◆ **PROBLEM TO SOLVE**
Exactly repeat all the records below, omitting the images they hold.

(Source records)
[Start of section]

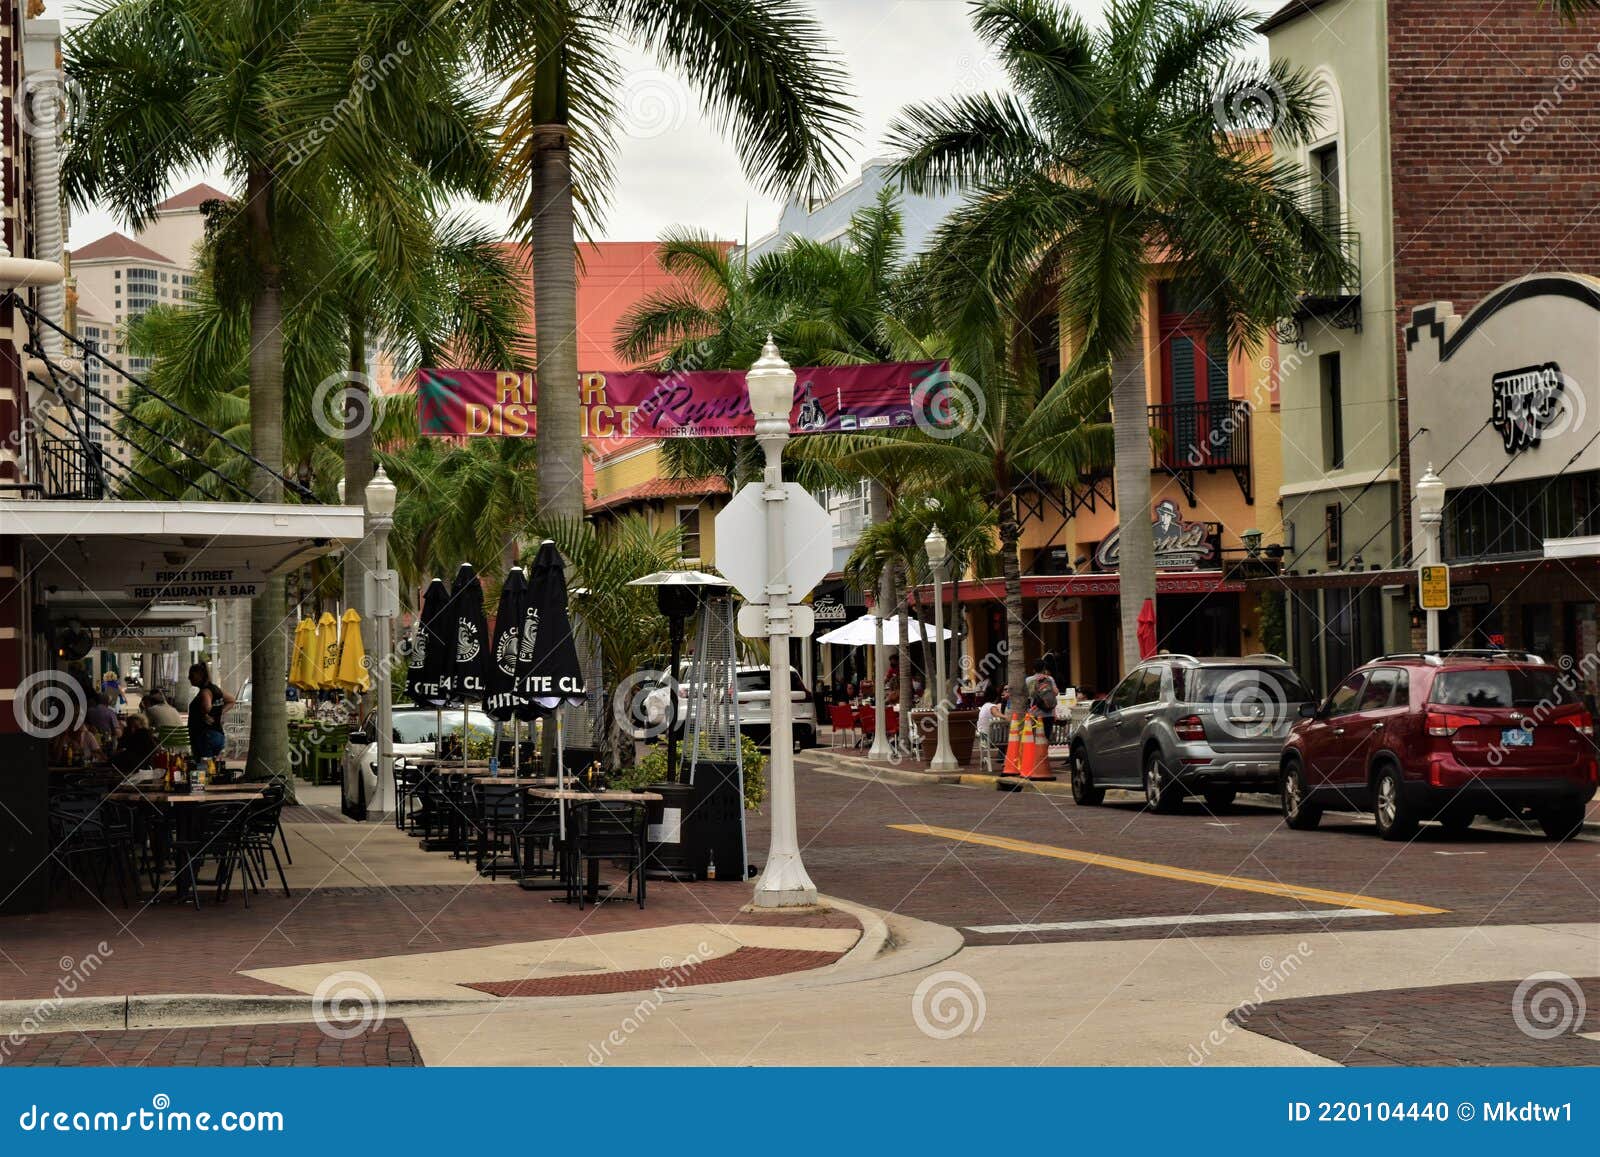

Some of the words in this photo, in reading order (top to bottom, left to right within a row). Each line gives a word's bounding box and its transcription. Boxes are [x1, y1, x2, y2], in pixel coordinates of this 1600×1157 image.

[496, 372, 607, 404] RIR
[466, 403, 638, 437] DISICT
[156, 571, 188, 582] FIRST
[190, 570, 233, 581] STREET
[1423, 568, 1430, 580] 2
[134, 586, 213, 598] RESTAURANT
[217, 586, 227, 596] &
[230, 585, 256, 595] BAR
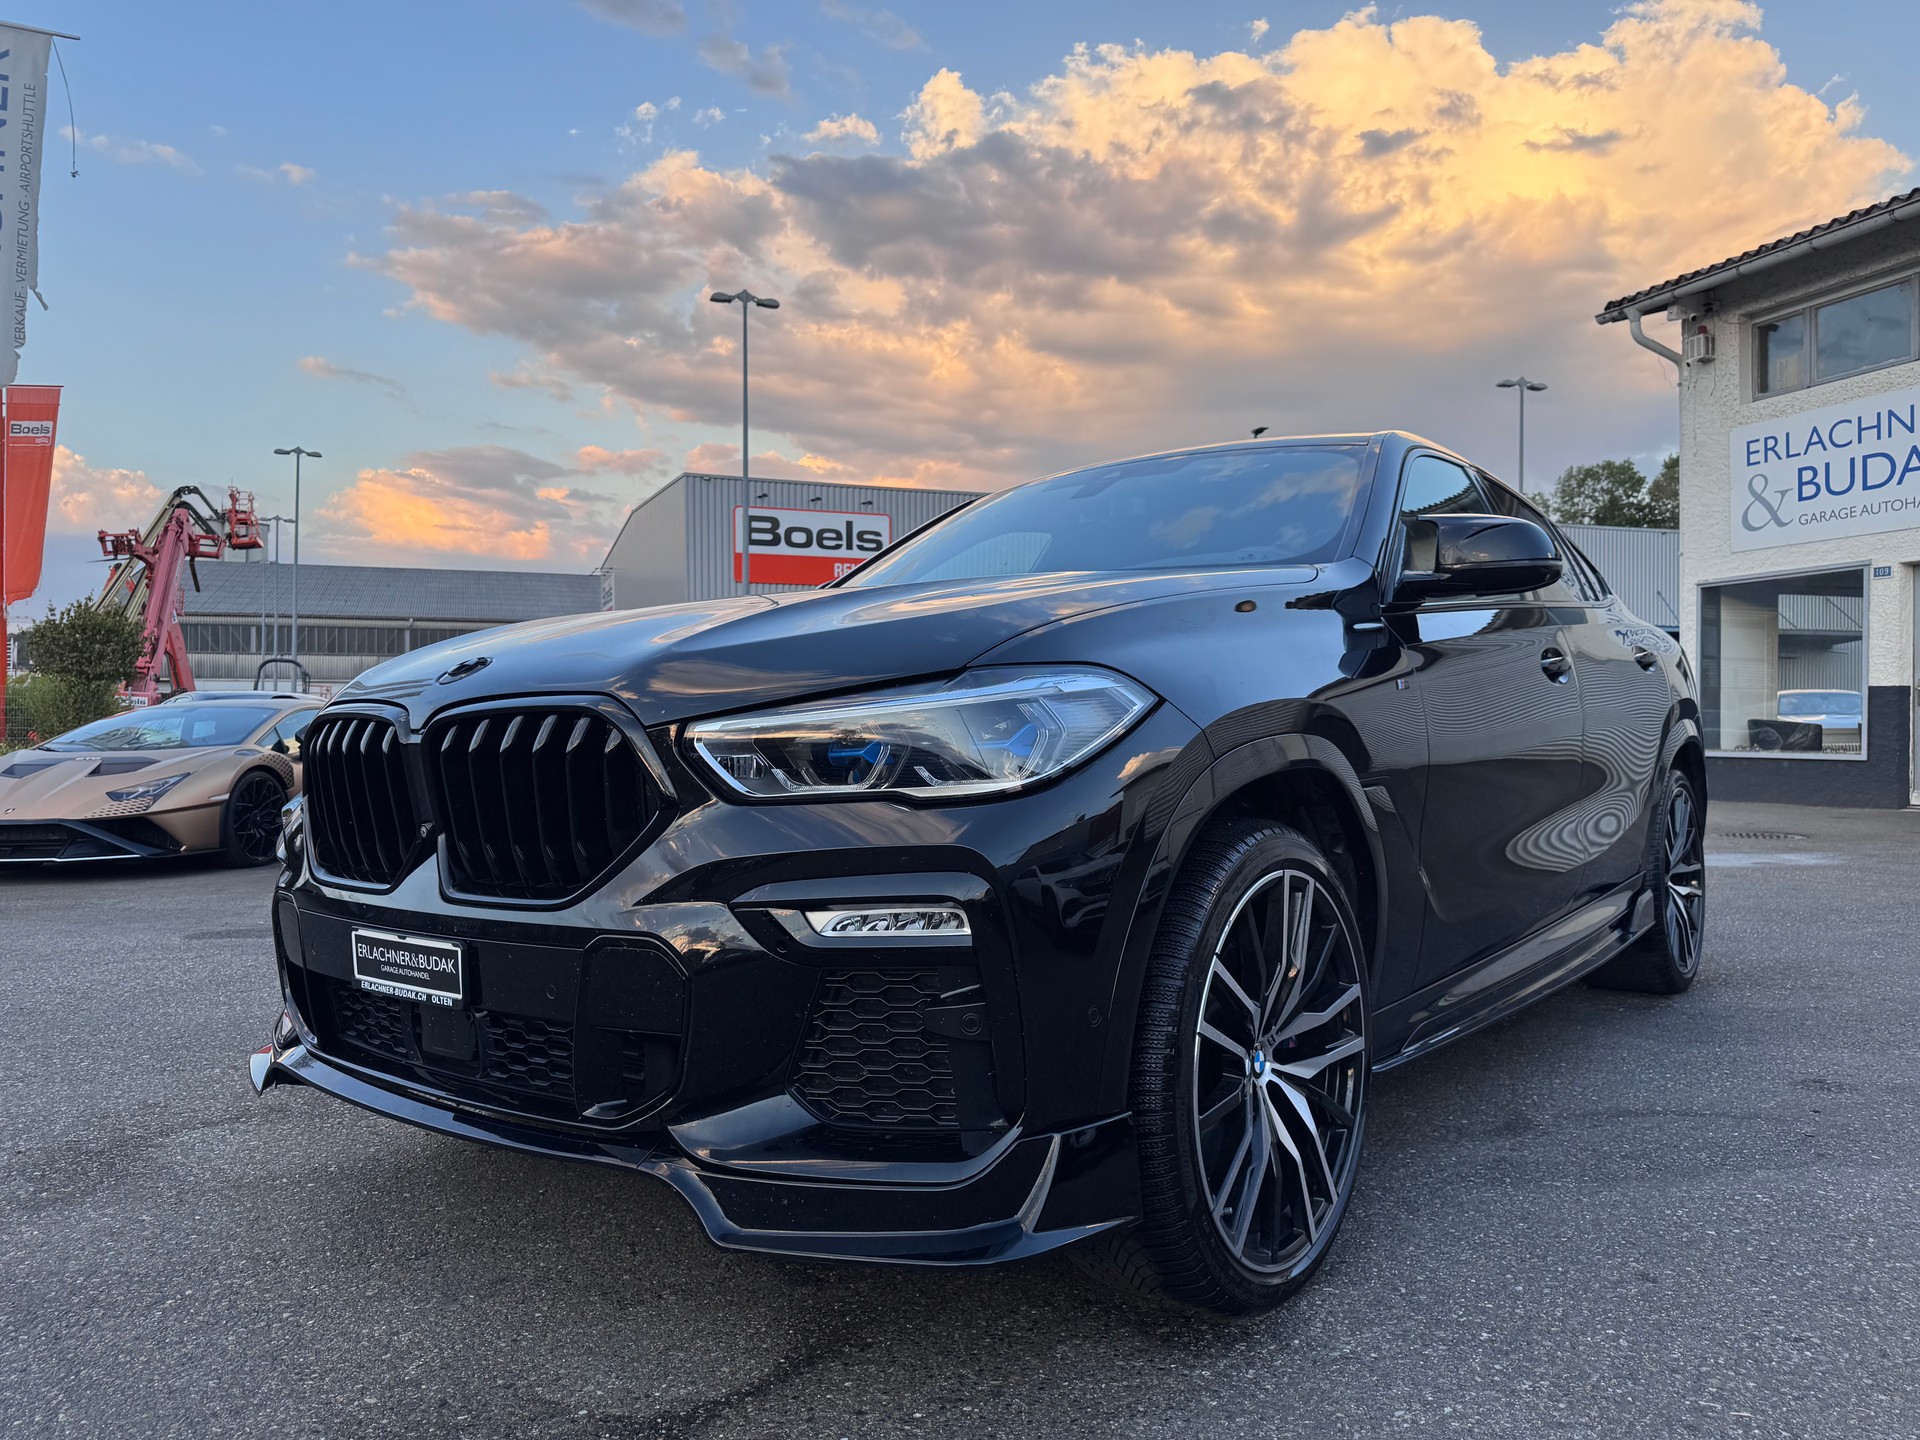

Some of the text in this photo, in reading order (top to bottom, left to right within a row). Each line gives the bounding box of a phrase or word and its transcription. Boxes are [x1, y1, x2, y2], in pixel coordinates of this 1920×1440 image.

[14, 83, 36, 349] VERKAUF VERMIETUNG AIRPORTSHUTTLE
[10, 423, 50, 435] Boels
[1746, 404, 1915, 467] ERLACHN
[1741, 473, 1794, 532] &
[1798, 505, 1857, 526] GARAGE
[748, 515, 883, 553] Boels
[1876, 567, 1889, 576] 109
[357, 943, 456, 974] ERLACHNER&BUDAK
[380, 964, 431, 980] GARAGE AUTOHANDEL
[361, 980, 453, 1007] ERLACHNER-BUDAK.CH OLTEN

[End of section]

◆ **WRITTEN SOLUTION**
Some of the words in this photo, in reading order (top to bottom, left to right within a row). Each line gives a word's bounding box and its transcription. Boxes are [x1, y1, x2, y2], in pixel coordinates of this 1600×1157 image.

[496, 372, 607, 404] RIR
[466, 403, 638, 437] DISICT
[156, 571, 188, 582] FIRST
[190, 570, 233, 581] STREET
[1423, 568, 1430, 580] 2
[134, 586, 213, 598] RESTAURANT
[217, 586, 227, 596] &
[230, 585, 256, 595] BAR

Some of the text in this photo, in reading order (top to bottom, left to right within a row). Each line gives the bounding box of a phrase or word and its transcription. Boxes are [x1, y1, x2, y2], in pixel coordinates of this 1920×1440 image.

[14, 83, 36, 349] VERKAUF VERMIETUNG AIRPORTSHUTTLE
[10, 423, 50, 435] Boels
[1746, 404, 1915, 467] ERLACHN
[1741, 473, 1794, 532] &
[1798, 505, 1857, 526] GARAGE
[748, 515, 883, 553] Boels
[1876, 567, 1889, 576] 109
[357, 943, 456, 974] ERLACHNER&BUDAK
[380, 964, 431, 980] GARAGE AUTOHANDEL
[361, 980, 453, 1007] ERLACHNER-BUDAK.CH OLTEN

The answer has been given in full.